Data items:
++++++
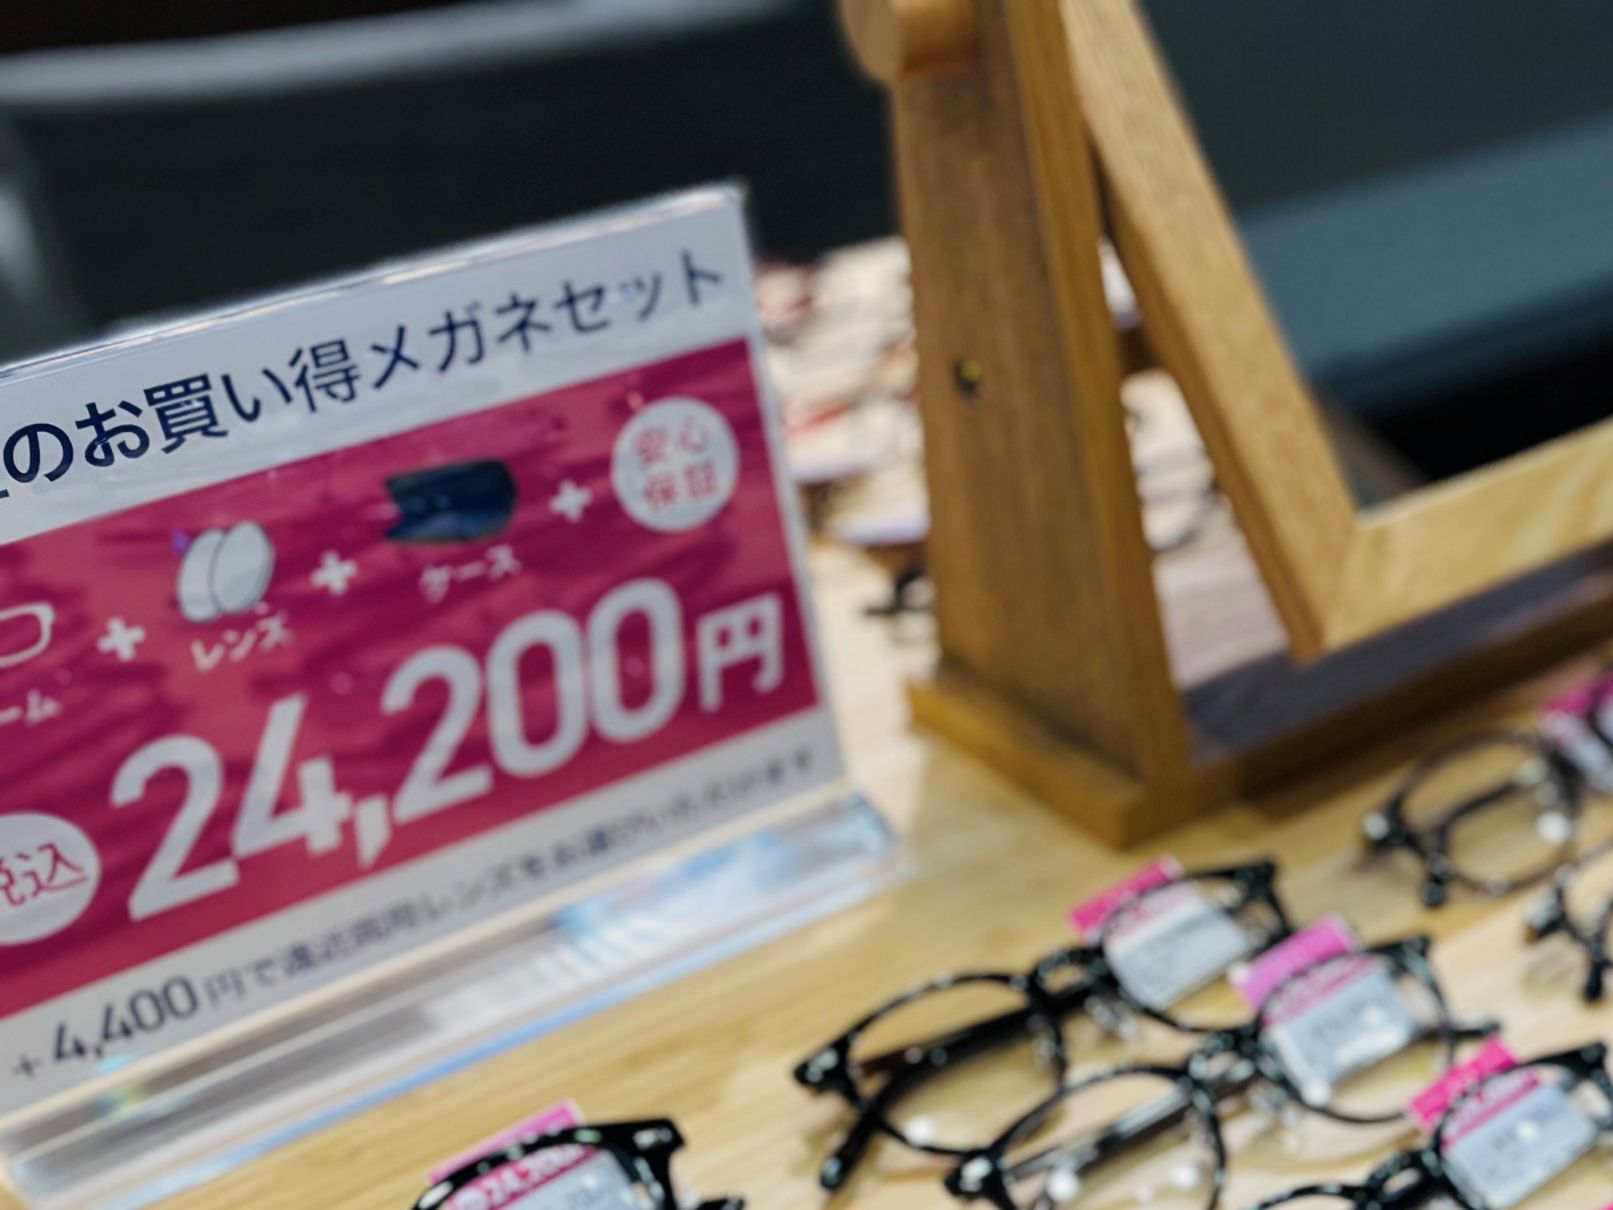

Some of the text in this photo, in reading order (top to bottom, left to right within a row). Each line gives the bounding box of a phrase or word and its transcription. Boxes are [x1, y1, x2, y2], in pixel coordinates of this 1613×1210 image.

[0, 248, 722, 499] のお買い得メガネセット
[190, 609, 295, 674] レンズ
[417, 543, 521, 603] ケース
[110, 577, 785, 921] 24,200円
++++++
Copy all the records above exactly, but leave out the pictures.

Some of the text in this photo, in reading order (top to bottom, left to right within a row). Each line gives the bounding box of a phrase or word and its transcription. Boxes are [x1, y1, x2, y2], in pixel coordinates of this 1613×1210 image.

[0, 248, 722, 499] のお買い得メガネセット
[190, 609, 295, 674] レンズ
[417, 543, 521, 603] ケース
[110, 577, 785, 921] 24,200円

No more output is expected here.